On July 23, 1992, GE pled guilty in federal court to civil and criminal charges of defrauding the Pentagon and agreed to pay $69 million to the U.S. government in fines — one of the largest defense contracting fines ever.

General Electric said in a statement that it took responsibility for the actions of a former marketing employee who, along with an Israeli Air Force General, diverted Pentagon funds to their own bank accounts and to fund Israeli military programs not authorized by the United States.

Under the settlement with the Justice Department over violations of the Foreign Corrupt Practices Act, GE paid $59.5 million in civil fraud claims and $9.5 million in criminal fines.

GE’s civil and criminal transgressions stemming from the Israeli military program are by no means isolated. GE is a repeat offender when it comes to Defense Department fraud. The company has repeatedly violated the False Claims Act — a measure originally proposed by Lincoln to protect federal coffers. When the Project on Government Oversight surveyed defense contractors, it found that General Electric was responsible for 15 instances of fraudulent activity in just a four year period (1990-1994) — more than any other defense contractor. GE:

  1. Paid $7.1 million to settle a qui tam suit alleging that the company failed to satisfy electrical bonding requirements for its jet engine contracts, thereby creating a safety risk.
  2. Paid $5.87 million (along with Martin Marietta) to settle a qui tam suit associated with improper sales of radar systems to Egypt.
  3. Paid fines between 1990 and 1994 ranging from a $20,000 criminal fine to a $24.6 million civil fine for a variety of defense contracting frauds, including: misrepresentation, money laundering, defective pricing (2 incidents), cost mischarging (3 incidents), false claims, product substitution, conspiracy/conversion of classified documents, procurement fraud and mail fraud.
  4. Was convicted on February 3, 1990 in U.S. District Court in Philadelphia of defrauding the government out of $10 million for a battlefield computer system.
  5. Pled guilty on May 19, 1985 to charges of fraud and falsifying 108 claims on a missile contract.
  6. Was convicted of defrauding the Air Force out of $800,000 on the Minuteman Missile Project.
  7. Was convicted of bribing the Puerto Rico Water Resources Authority.

Consumer Wrongdoing

GE was among four companies which paid New York City more than $4 million in 1982 to settle a lawsuit charging that wiring and cables in 754 subway cars were defective.

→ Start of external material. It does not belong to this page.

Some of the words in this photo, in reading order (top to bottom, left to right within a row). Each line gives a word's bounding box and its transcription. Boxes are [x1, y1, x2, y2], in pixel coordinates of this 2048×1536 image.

GE in 1992 agreed to pay $165,000 to settle a suit brought by 11 state attorneys general alleging the company deceptively advertised its lightbulbs. According to the state AGs, the ads promised consumers the same amount of light for less energy, but in fact the lightbulbs simply delivered less wattage.

GE Capital was ordered to pay $100 million for unfair debt collection practices, as part of a 1999 class-action lawsuit settlement. The suit alleged that GE solicited agreements from bankrupt creditors to pay their credit card agreements without notifying bankruptcy courts of the agreements.

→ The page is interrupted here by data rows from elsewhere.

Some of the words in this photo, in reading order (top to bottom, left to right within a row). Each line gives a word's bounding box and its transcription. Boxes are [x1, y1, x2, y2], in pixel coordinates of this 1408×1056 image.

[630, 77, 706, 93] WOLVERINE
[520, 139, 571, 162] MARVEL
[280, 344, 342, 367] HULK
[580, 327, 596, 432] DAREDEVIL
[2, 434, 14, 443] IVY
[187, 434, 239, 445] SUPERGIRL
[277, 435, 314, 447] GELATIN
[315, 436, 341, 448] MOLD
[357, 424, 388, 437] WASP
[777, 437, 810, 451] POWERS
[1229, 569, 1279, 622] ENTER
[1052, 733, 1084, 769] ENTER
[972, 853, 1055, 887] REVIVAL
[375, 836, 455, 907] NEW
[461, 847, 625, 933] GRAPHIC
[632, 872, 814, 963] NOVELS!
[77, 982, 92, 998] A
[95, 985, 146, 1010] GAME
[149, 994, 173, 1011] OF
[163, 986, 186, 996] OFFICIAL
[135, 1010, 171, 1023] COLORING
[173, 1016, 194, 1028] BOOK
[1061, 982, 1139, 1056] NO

GE recalled 3.1 million dishwashers beginning in 1999, stating that a side switch could melt and ignite, presenting a fire hazard.

In April 2001, New York State AG Eliot Spitzer won a ruling in state court that, in connection with the dishwasher recall, GE falsely told consumers the problem could not be repaired, prodding customers with partial rebates to buy new GE dishwashers.

Other Litigation

Workplace Safety. The Occupational Safety and Health Administration (OSHA) cited GE for at least 858 violations of OSHA rules from 1990 through March 2001. From 1994 to 1999, OSHA cited GE for at least 98 “serious” violations. OSHA issues “serious” citations to companies for conditions posing “a substantial probability that death or serious physical harm could result.”

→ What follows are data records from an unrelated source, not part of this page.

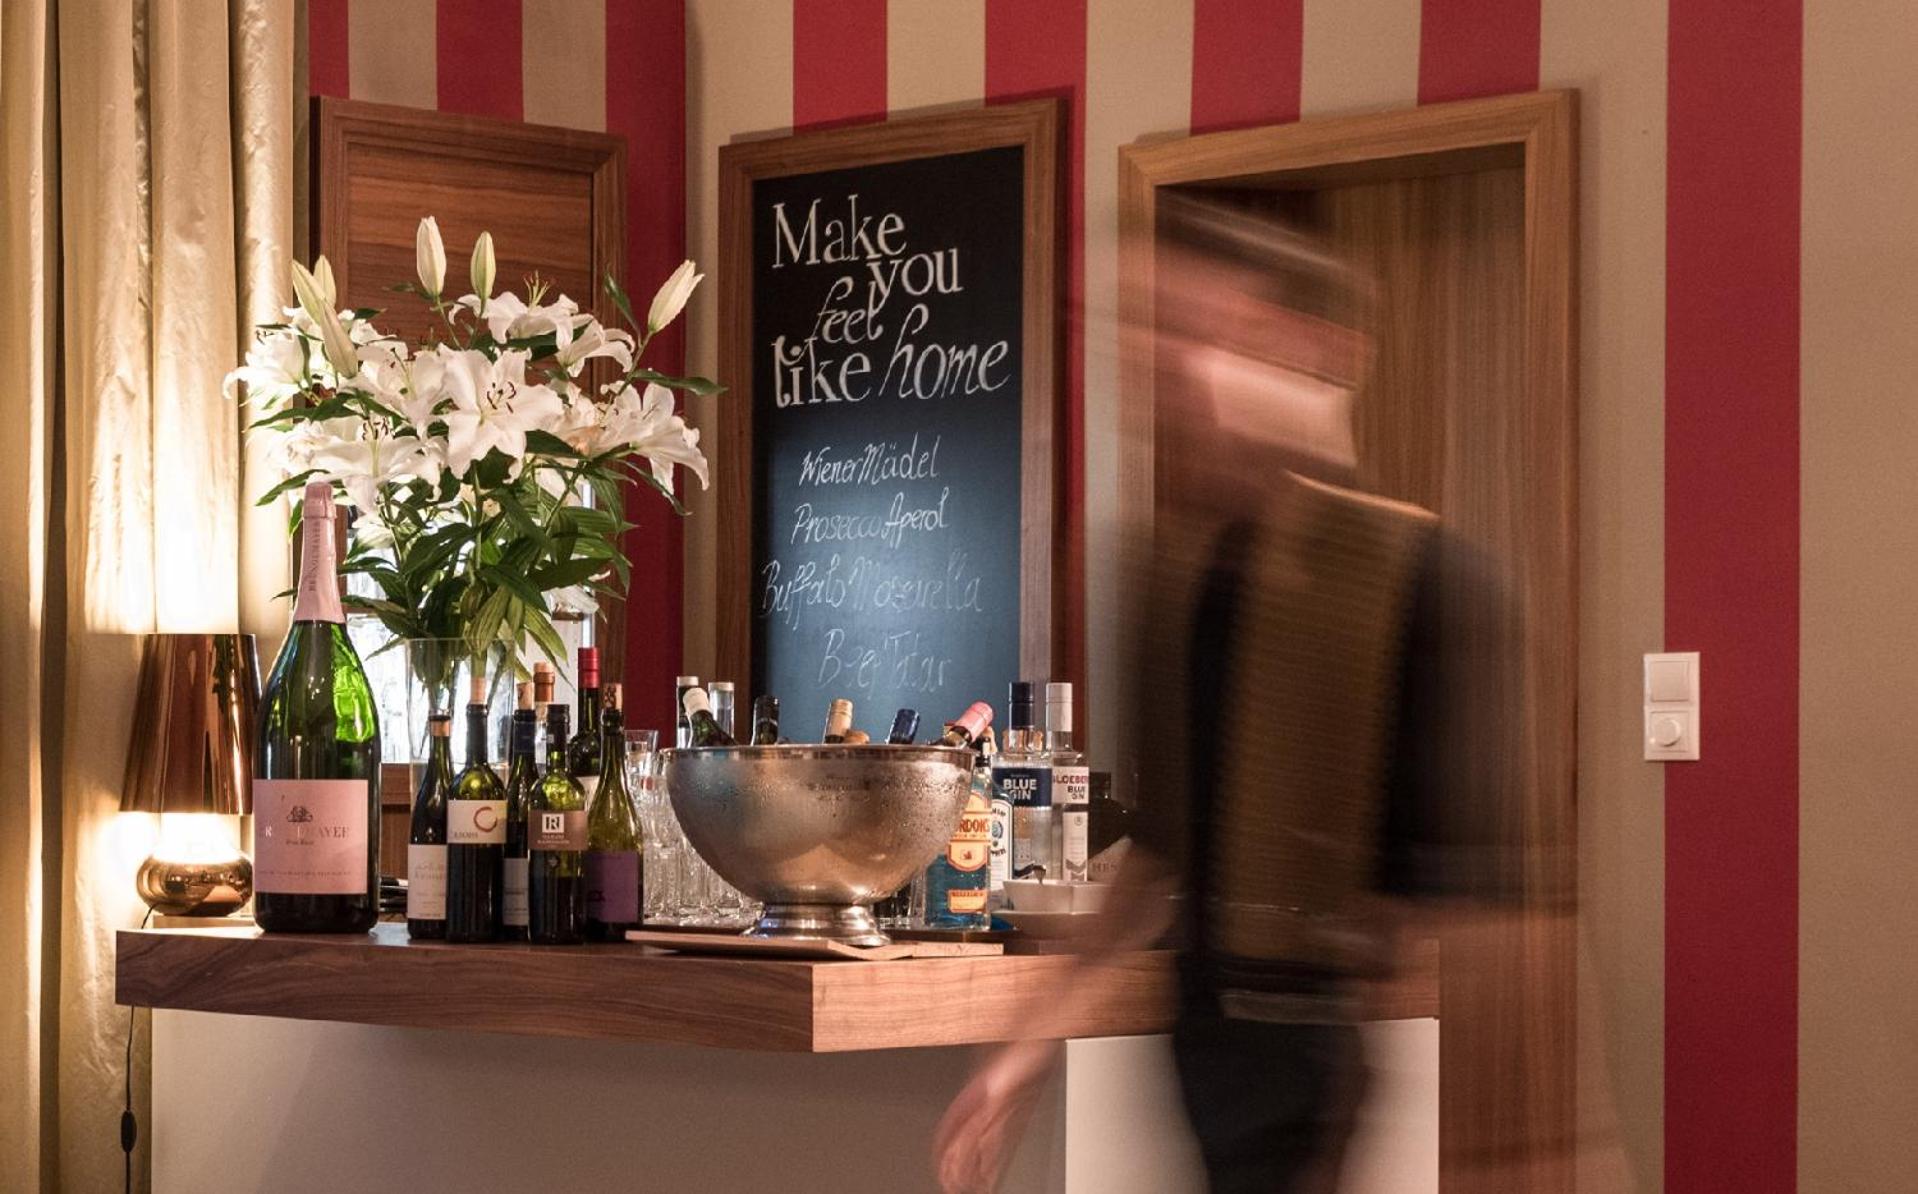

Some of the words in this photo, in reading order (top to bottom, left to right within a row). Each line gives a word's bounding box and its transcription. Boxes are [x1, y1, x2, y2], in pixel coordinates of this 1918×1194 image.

[772, 194, 907, 268] Make
[800, 275, 884, 348] feel
[866, 247, 965, 317] you
[878, 302, 1013, 399] home
[798, 446, 857, 487] Wiener
[857, 431, 941, 485] Mädel
[790, 502, 880, 545] Prosecco
[880, 486, 950, 550] Aperol
[1002, 778, 1037, 790] BLUE
[1008, 789, 1032, 800] GIN

Employment Discrimination. In a lawsuit, a black worker at GE’s Burkville, Alabama plant claims that General Electric officials have fostered a racially hostile environment. GE reached settlements with two ex-GE employees employed at the plant. The workers claim that they’ve been subjected to Ku Klux Klan symbols, swastikas and a hangman’s noose at the plant.

Recidivistic GE

What distinguishes General Electric is not merely the number of crimes committed — or the dollar amount of the crimes — but a consistent pattern of violating criminal and civil laws over many years.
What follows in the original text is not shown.